Lamentablemente, estas ideas no se enseñan en la escuela. En casa, hemos buscado materiales que nos ayuden con esto y, aprovechando que escribo sobre el tema, me gustaría compartir algunos de los que más éxito han tenido con mis hijos:
- Los libros de los gemelos Tuttle son fantásticas adaptaciones de libros clásicos que tratan las ideas de la libertad. Nos encanta su adaptación al español de “The Creature from Jeckyll Island” de Edward Griffin.
- Recientemente, Joan Tubau analizaba en Twiter cómo “Obélix y Compañía” es un magnífico tratado de economía y no puedo estar más de acuerdo.
- Además, existe un libro de Mortadelo y Filemón titulado “La Historia del Dinero”, que Ibáñez creó como encargo para una entidad bancaria y resulta sorprendentemente acertado.
Y aunque no es apto para niños de la edad de los míos, el dibujo animado “The American Dream” es también un buen recurso para entender algunos conceptos básicos en clave de humor.

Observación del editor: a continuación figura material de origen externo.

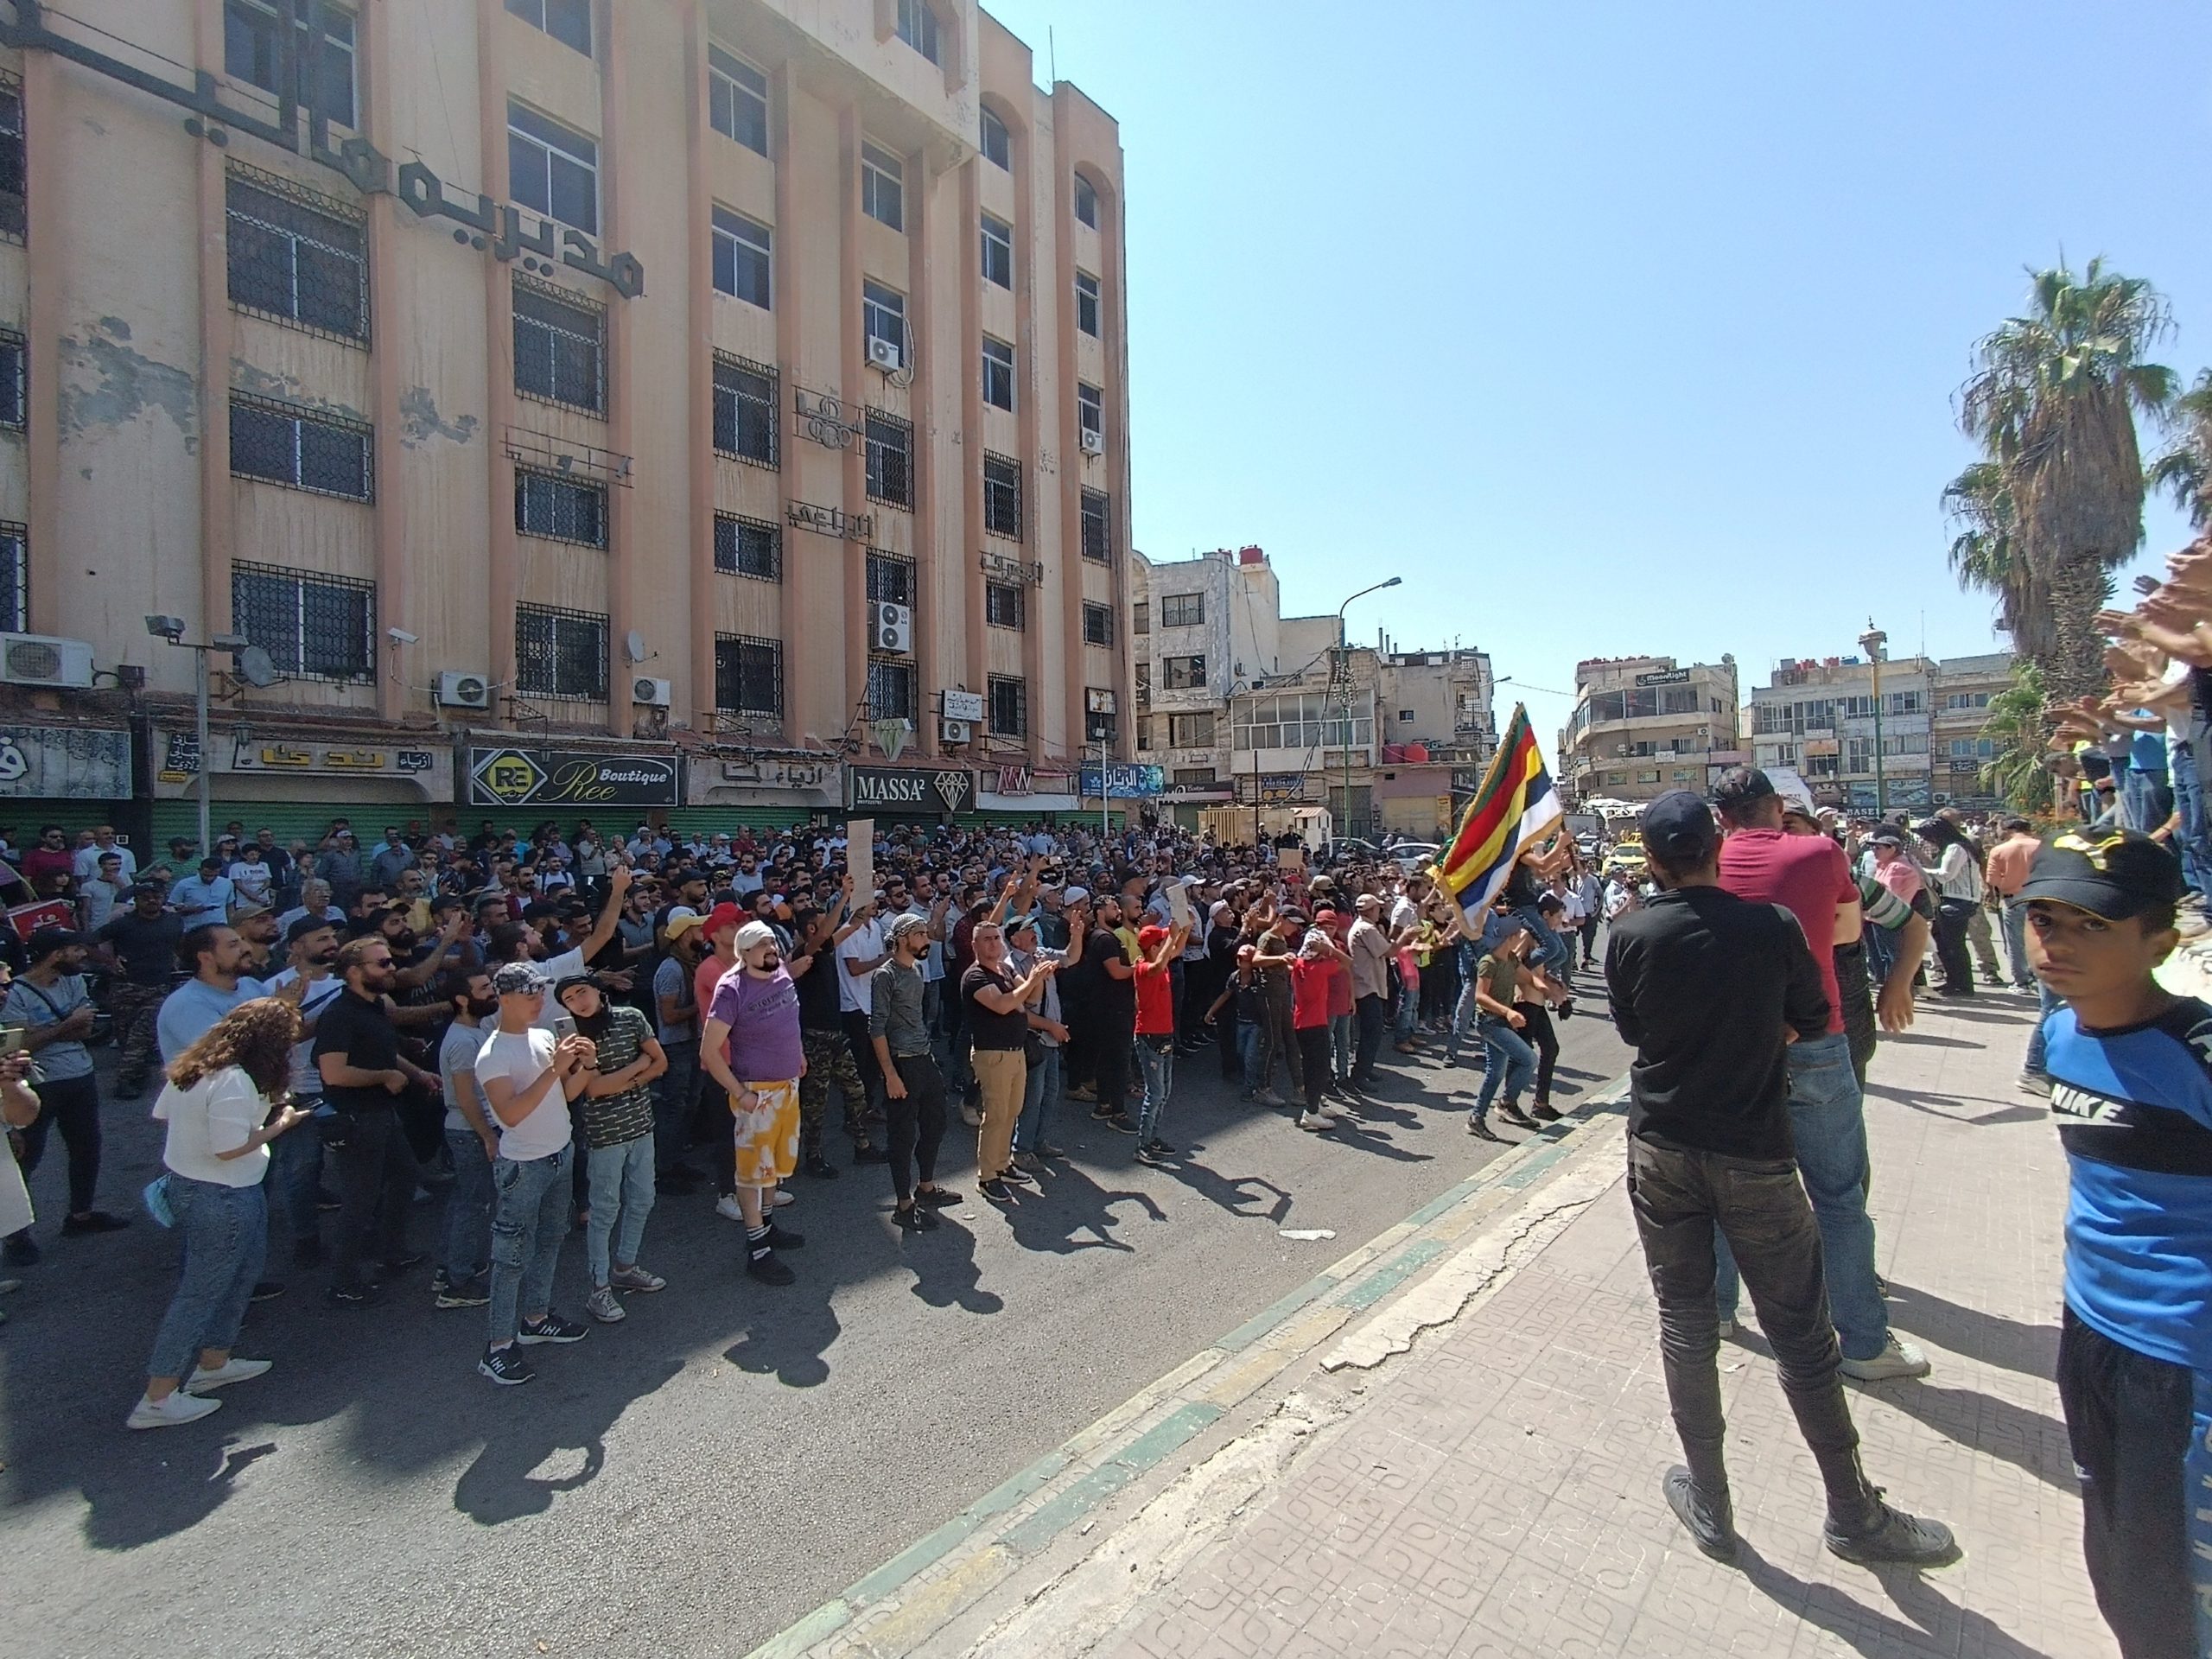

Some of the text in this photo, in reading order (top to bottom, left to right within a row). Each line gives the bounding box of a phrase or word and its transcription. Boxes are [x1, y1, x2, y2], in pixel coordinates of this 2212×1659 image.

[536, 760, 618, 802] Ree
[600, 768, 668, 785] Boutique
[2051, 1083, 2124, 1122] NIKE

Plantando la semilla del coleccionismo.
Con motivo del lanzamiento de “La Dobla Bullion”, ofrecí a cada uno de mis hijos elegir una onza de plata de nuestro catálogo que yo les regalaría como recuerdo. Mi hija se interesó en las monedas con animales, como la del Koala o la conmemorativa del año chino del Conejo (que ella bautizo “la de los Conejitos”) y en la de la diosa Germania, mientras que mi hijo optó por las que tenían motivos de dibujos animados como las de Piolín, el Pato Lucas, o superheroes como Aquaman y Superman. Al final, ella eligió la de los Conejitos y él la del Pato Lucas.


Cuando les entregué las monedas, surgieron todo tipo de preguntas: ¿Por qué son tan grandes? ¿Cómo es que brillan tanto? ¿Podemos sacarlas de la cápsula? ¿Podemos tocarlas? ¿Cuánto valen? ¿Dónde las podemos guardar? Valió la pena solo por las conversaciones que se generaron y me pareció una experiencia estupenda. No obstante, después de la emoción inicial, diría que por ahora han olvidado las monedas.

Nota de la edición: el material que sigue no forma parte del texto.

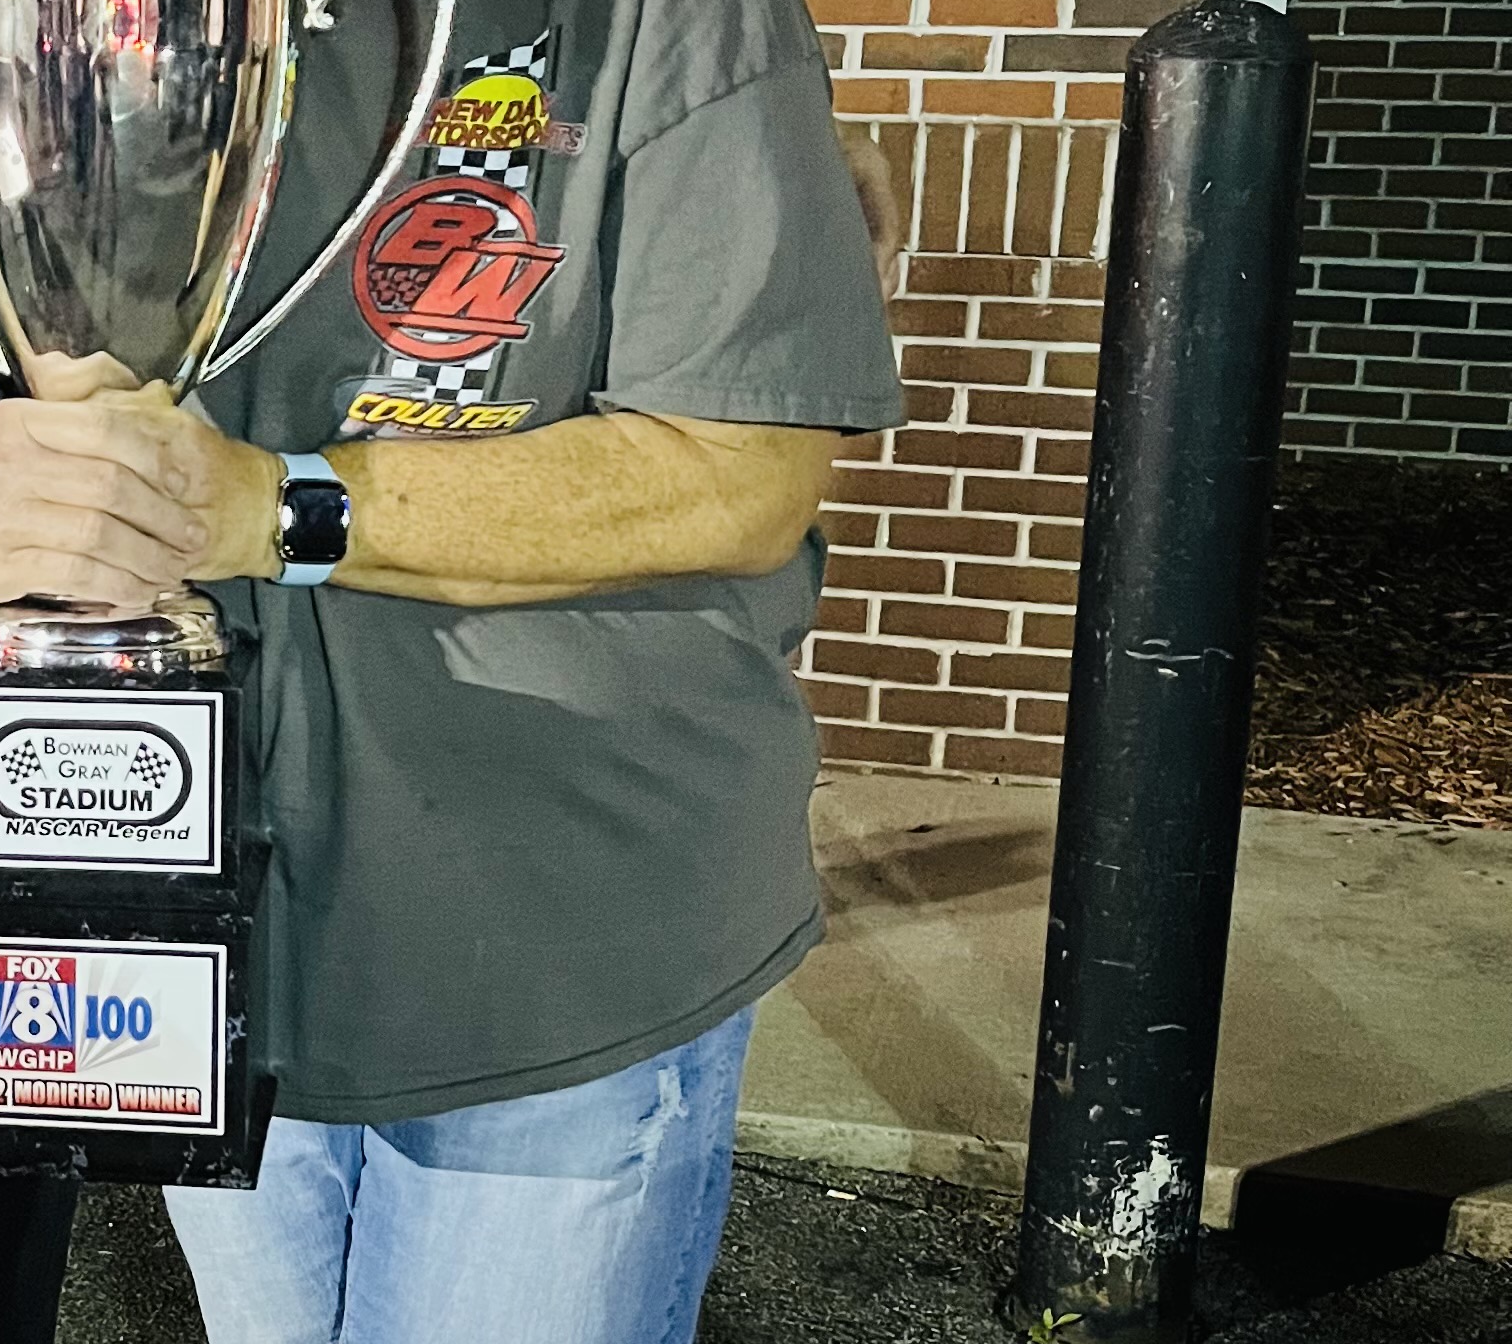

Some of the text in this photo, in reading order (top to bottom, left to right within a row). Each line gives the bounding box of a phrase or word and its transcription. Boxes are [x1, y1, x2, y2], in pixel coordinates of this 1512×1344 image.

[431, 98, 502, 124] NEW
[20, 786, 154, 812] STADIUM
[5, 819, 101, 838] NASCAR
[107, 821, 191, 842] Legend
[6, 956, 61, 981] FOX
[11, 987, 58, 1044] 8
[85, 994, 152, 1043] 100
[12, 1078, 112, 1110] MODIFIED
[115, 1083, 202, 1115] WINNER

Durante muchos años, mi tío Carlos solía regalarme cada año una moneda de plata conmemorativa de la FNMT de una serie que primero tenía un valor facial de 2.000 ptas, luego de 12 eur, 20 eur y por último de 30 eur. Aunque mi tío dejó de regalármelas hace un tiempo, sé que las monedas de esa serie ahora tienen un valor facial de 40 eur (¿alguien dijo inflación?). En su momento, me parecía un regalo extraño para un niño, y solo años después aprendí a apreciarlas.
Creo que mis hijos valorarán sus monedas del Pato Lucas y los Conejitos en su debido tiempo, al igual que yo aprecié las monedas que mi tío me regalaba, y quizás les animen a empezar su propia colección. Y si no, siempre tendrán guardada, cada uno, una onza de plata.